Ceux d’en haut, ils ne s’intéressent ni à l’éducation, ni
aux enfants. En fait, ils ne s’intéressent même pas à la
soi-disant réforme éducative. Ni le triste policier qui pointe au
ministère de l’éducation publique, ni aucun(e) des
législateurs(ices) qui ont voté pour la réforme ne l’a lue.
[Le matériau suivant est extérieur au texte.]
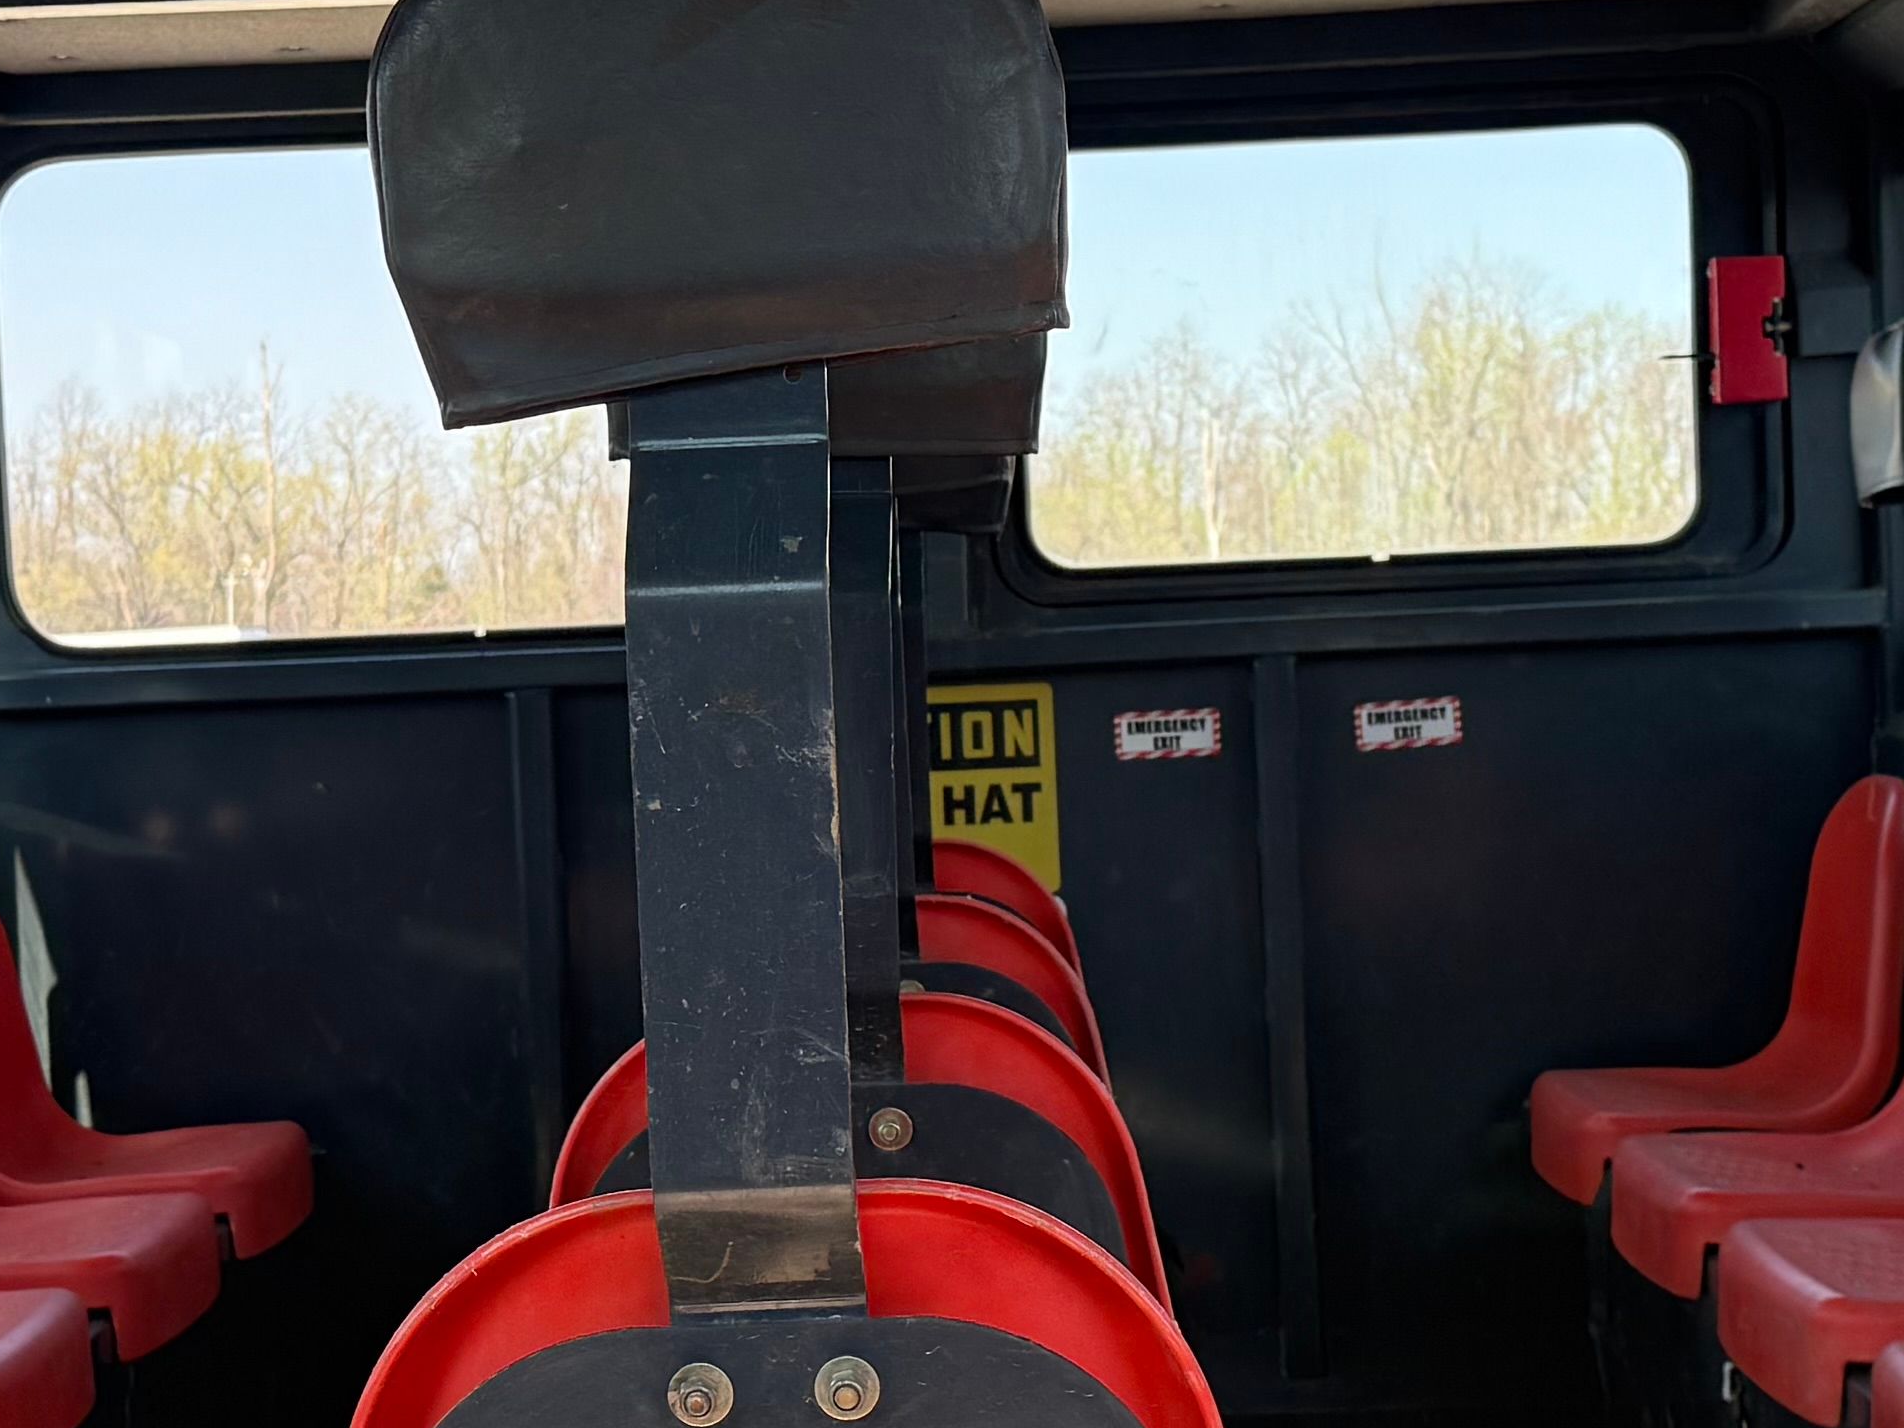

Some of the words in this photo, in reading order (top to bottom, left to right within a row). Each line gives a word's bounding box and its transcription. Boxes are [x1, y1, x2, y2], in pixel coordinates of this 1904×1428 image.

Et
quand les enseignants les interpellent sur le fait que tel ou tel
article est préjudiciable, ils se tournent nerveusement vers leurs
conseillers et leurs gorilles, non seulement parce qu’ils ne savent
pas ce que disent ces articles, mais aussi parce qu’ils ne savent
pas ce que veut dire le mot « préjudiciable ». La seule chose qui
les importe c'est de se faufiler dans la succession, et de voir à
qui revient la candidature présidentielle au sein du PRI ou dans le
reste des partis politiques.
Mais,
malgré les menaces, les coups, la prison et le massacre révoltant
de Nochixtlán, Oaxaca, les enseignants et les enseignantes
résistent. Mais ils ne sont plus seuls.
Alors
qu’on s’attendait à ce que, après une menace, la présence sur
les blocages de route et sur les campements diminue, il s’avère...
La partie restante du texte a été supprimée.